Don’t Waste Your Entrepreneurial Skills on Lose/Lose Clients

Entrepreneurial skillsI don’t know about you, but I’ve had my share of clients I regret taking on. Not many, but it doesn’t take many to make you realize you just can’t make a habit of it. Entrepreneurial skills do include dealing with difficult clients, but I’m not talking about guys that are high maintenance; I’m talking about those who make it impossible for you to give them what they want. A real lose/lose situation – no chance of achieving success.
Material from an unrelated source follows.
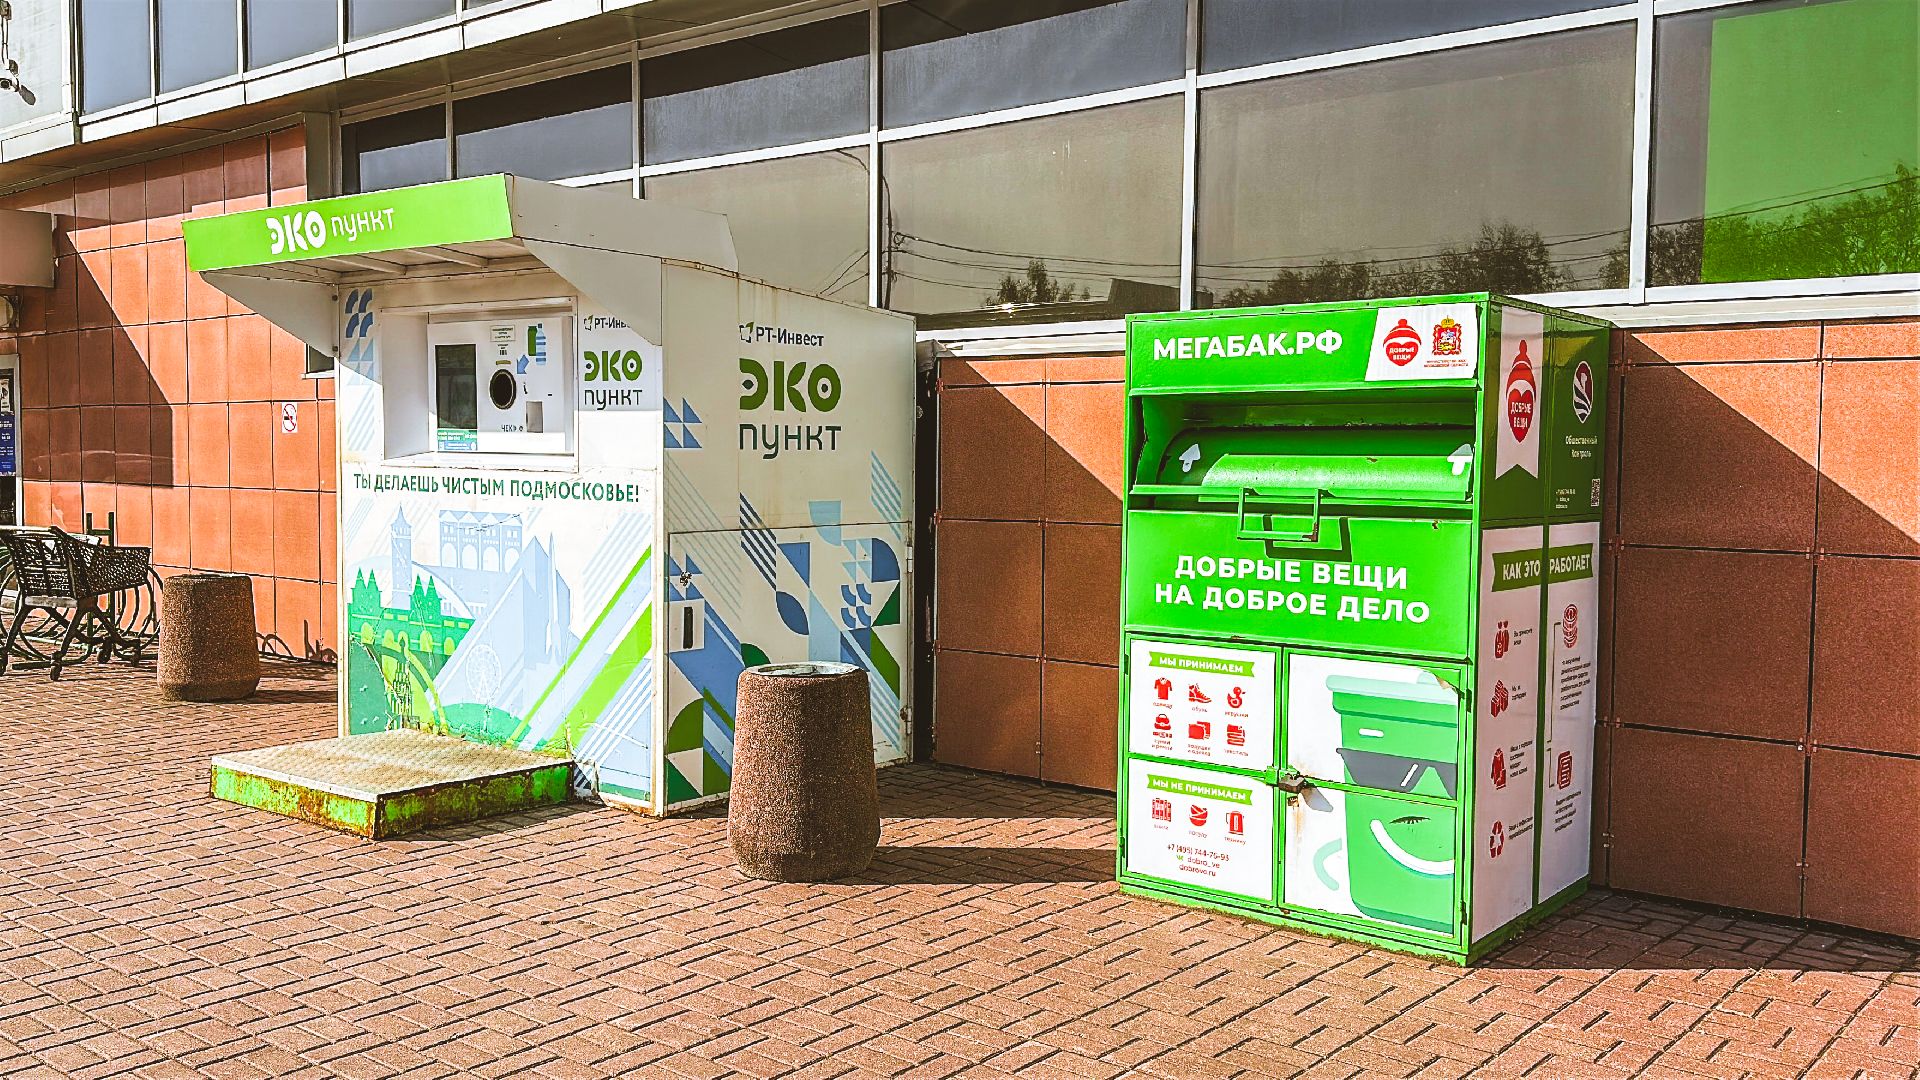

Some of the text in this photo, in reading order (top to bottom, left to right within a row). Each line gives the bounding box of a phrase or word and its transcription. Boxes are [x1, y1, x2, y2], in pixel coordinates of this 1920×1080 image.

How can you recognize a prospective client who will be the bane of your existence? The clues are nicely covered in Four telltale signs of a nightmare client. I hope they don’t mind my quoting them:

1.    The client is not clear about what he or she wants but somehow expects you to produce it without their detailed input. If they are too busy to either describe the project or to put you in contact with the people who can, watch out.

2.    The client reports having had a lot of problems with previous consultants — a pattern of “problem” consultants might be a sign of a problem client. (Don’t think your entrepreneurial skills will change that – it’s a crap shoot).

3.    The client is ignorant about technology and has no competent staff. This client may expect you to wave your magic wand to give them some magical business advantage, while having no understanding of the complexity or expense of serious computer systems. (My note: you can substitute ‘technology’ and ‘computer systems’ in the first and last sentences with whatever relates to your field. The point is: the client has no real understanding of what you do).

4.    The client makes it clear that they are looking for a bargain and focuses entirely on cost in your early contacts. (Don’t waste your entrepreneurial skills on trying to figure out how you’re going to live on what little he’ll pay you).

If a client looks like he’s going to be trouble, don’t even waste your time – no matter how much you think you need him. Put your entrepreneurial skills to work to get more prospects, and take on the guys who really want to achieve success.